Letter from the CEO
Letter from the CEO
Written by Chris Lane
The New Abnormal
Welcome to Pinon, Colorado, elevation 7905
For this year’s cover photo we chose an image that symbolizes possibly the biggest threat to western forests: climate-induced drought.
Forest systems are complex, so let’s take a look at the big picture.
Earth now has 46 percent fewer trees than it did 12,000 years ago, when agriculture was in its infancy. In the 1600s, almost half of our country’s two billion acres was forested land. Since then, about 256 million acres (~26%) of forests have disappeared due mainly to agricultural and urban development. That’s a treeless area more than the size of Texas, Colorado and Tennessee combined.
But recently there is another definitive trend emerging and it is rooted in climate change.
In the 1930s and 40s, wildfires consumed 20-50 million acres per year. But from the 1950s to about 2000, with the advent of human fire suppression through our vaunted “Smokey the Bear” campaign, that number dropped to roughly 1-4 million acres.
In the last 20 years, a newfound climate-enhanced drought (along with more woody “fuel” on the land as a result of suppression), has resulted in an increase in wildfire to 8-15 million acres per year. Worse, tree mortality from insect infestation and disease, also tied to a hotter, drier climate, has increased dramatically over that period.
Climate-induced drought is now having a dramatic effect on trees. For example, whitebark pine may be the first tree to go extinct under anthropogenic climate change.
This past summer we witnessed the devastating Lake Christine wildfire in Basalt. While
this fire was directly caused by the negligent behavior of a few people at a gun range, it was exacerbated by climate-induced drought where our local mountainside was inordinately drier than we’ve seen in years and thus, ripe for ignition.
At the current rate of climate change, it is possible that habitat around the city of Aspen may no longer be suitable for its namesake aspen tree. The city of Aspen someday could be more aptly named pinon.

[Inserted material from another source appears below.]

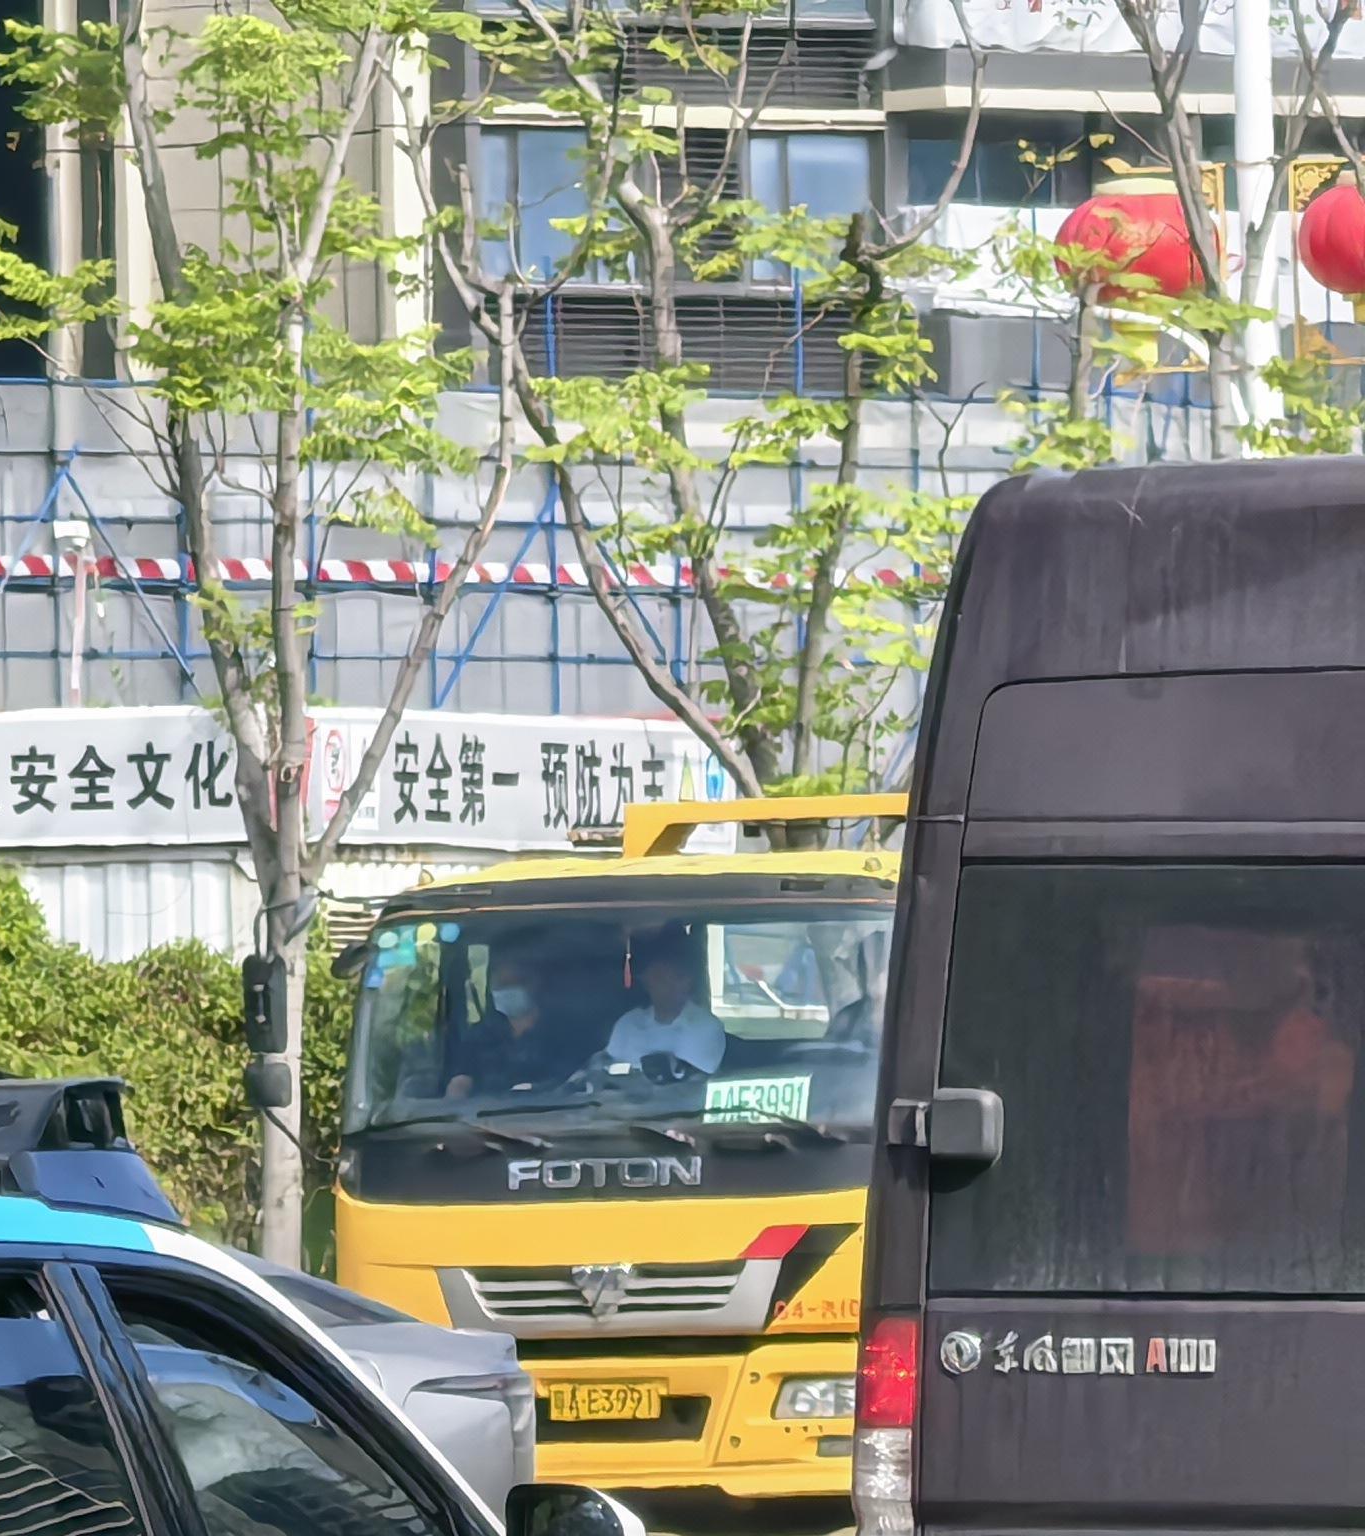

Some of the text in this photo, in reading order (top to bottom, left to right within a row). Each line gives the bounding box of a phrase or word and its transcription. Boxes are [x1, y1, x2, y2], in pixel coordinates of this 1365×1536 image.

Why should you care about the fate of our forests? Forests play a crucial role in mitigating anthropogenic climate change. A single mature tree can absorb carbon dioxide at a rate of 48 lbs./year (globally absorbing 13% of all carbon dioxide emissions) and release enough oxygen back into the atmosphere to support two human beings (about 260 lbs/yr).
Trees support wildlife. For example, one large oak tree can drop up to 10,000 acorns per year. These acorns are a major food source for more than 100 vertebrate species.

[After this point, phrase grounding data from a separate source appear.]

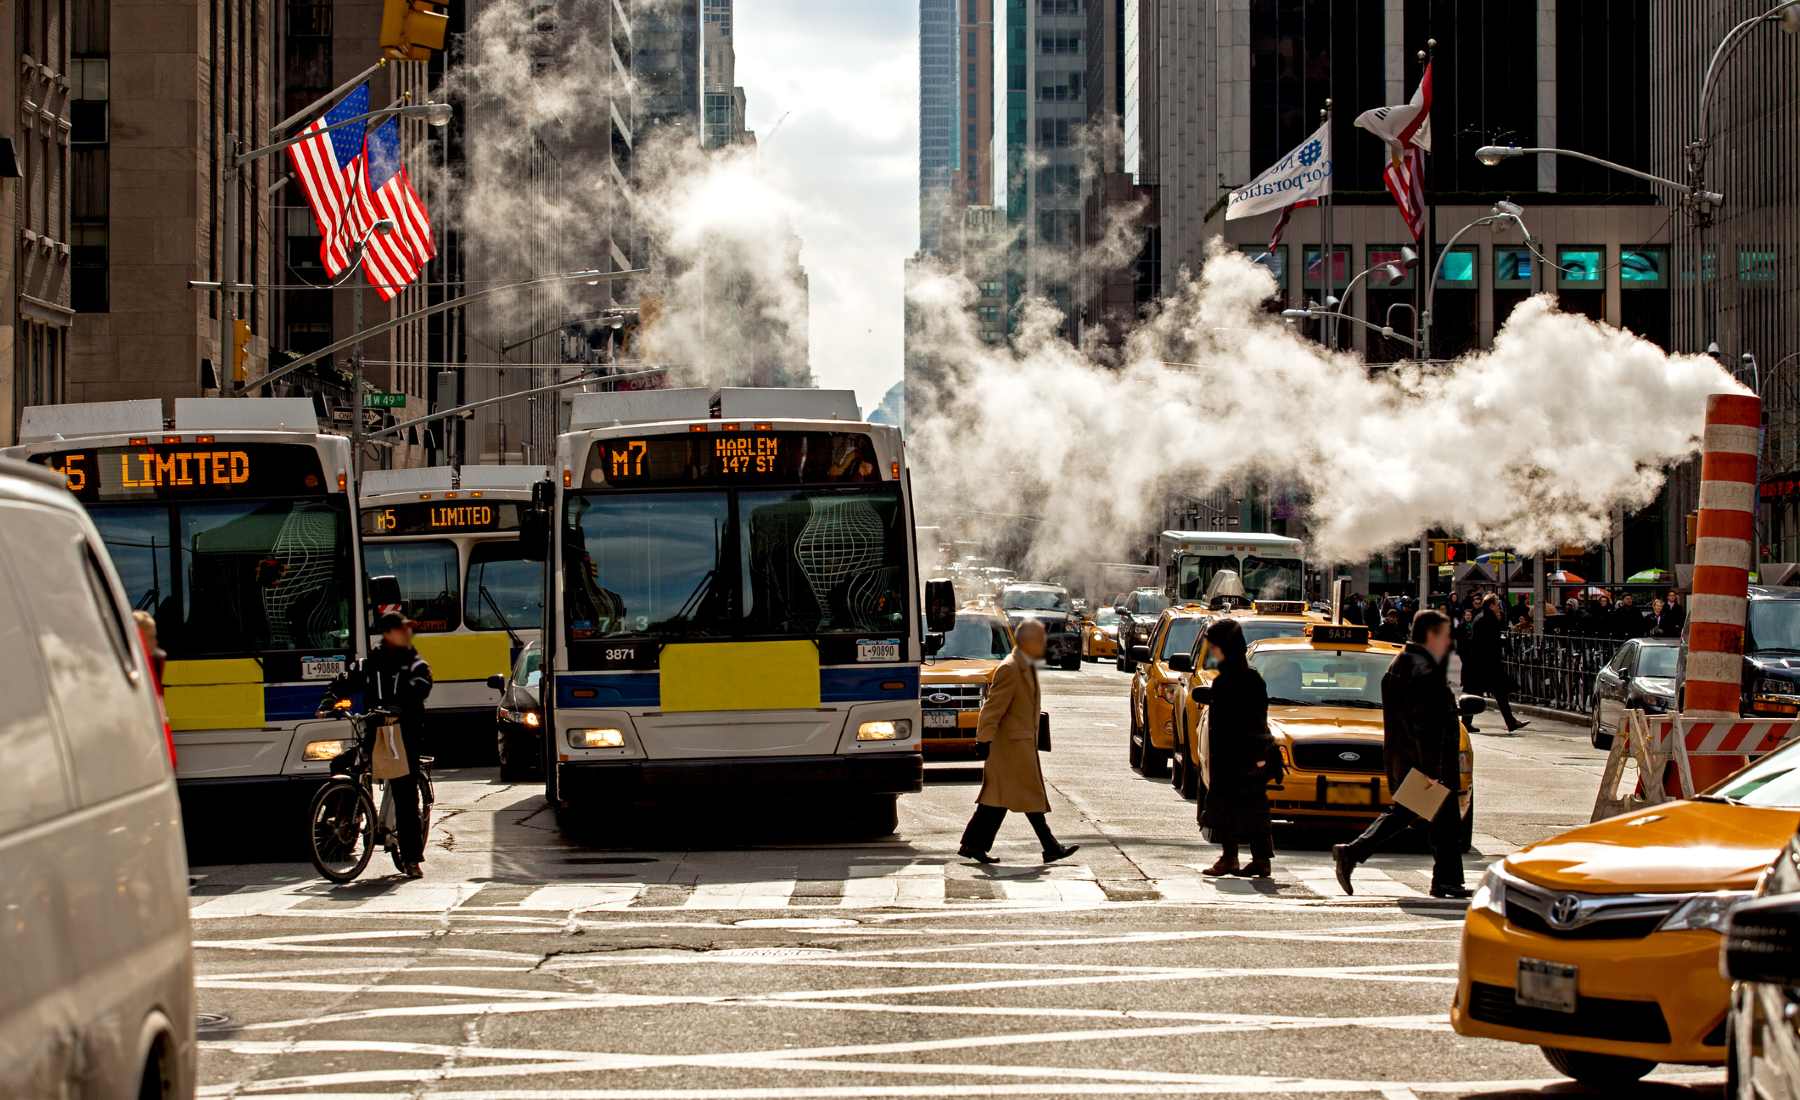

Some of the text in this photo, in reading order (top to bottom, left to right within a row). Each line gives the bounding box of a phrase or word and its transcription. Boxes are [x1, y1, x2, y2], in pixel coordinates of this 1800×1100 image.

[373, 394, 380, 405] W
[383, 394, 395, 405] 49
[716, 437, 778, 457] HARLEM
[612, 440, 647, 476] M7
[722, 456, 775, 473] 147 ST
[121, 451, 249, 488] LIMITED
[377, 506, 491, 529] M5 LIMITED
[605, 648, 635, 660] 3871

There’s even shinrin yoku, better known as “forest bathing” The science of “forest bathing” suggests dramatic mental and physical health benefits one gets when walking in a forest and connecting with nature. It has become a cornerstone of preventative health care and healing in Japan and is spreading quickly to the US.
More than all of that, forests provide basic ecosystem services, from nutrient cycling, erosion control, soil formation and water regulation to raw materials, food, and recreation. Simply stated, forests are the ecological foundation for life on our planet.
This fifth edition of ACES’ State of the Forest Report is themed around drought because Colorado is experiencing one of its worst droughts in the past 120 years. This year’s drought follows closely on the heels of the 2012 and 2002 droughts. These recent droughts not only include low snowpack and rainfall, but also share the common quality of being made significantly more severe by warmer temperatures, a product of anthropogenic climate change.
This report shows how insects and tree diseases correlate with increases in temperature and decreases in precipitation. We highlight new threats to our forests. We show the results of restoration efforts and make the economic case for forest protection. And finally, we offer collaborative solutions to the challenges our forests face.
Trees did not exist for the first 90 percent of Earth’s 4.5 billion-year history. But as trees evolved, they sequestered carbon in what was originally an inhospitably hot planet, cooling the planet while releasing oxygen. Trees created ecological diversity and allowed for water to flow on land.
Trees allowed for life to flourish—including your own. I hope you’ll join ACES in helping us keep it that way.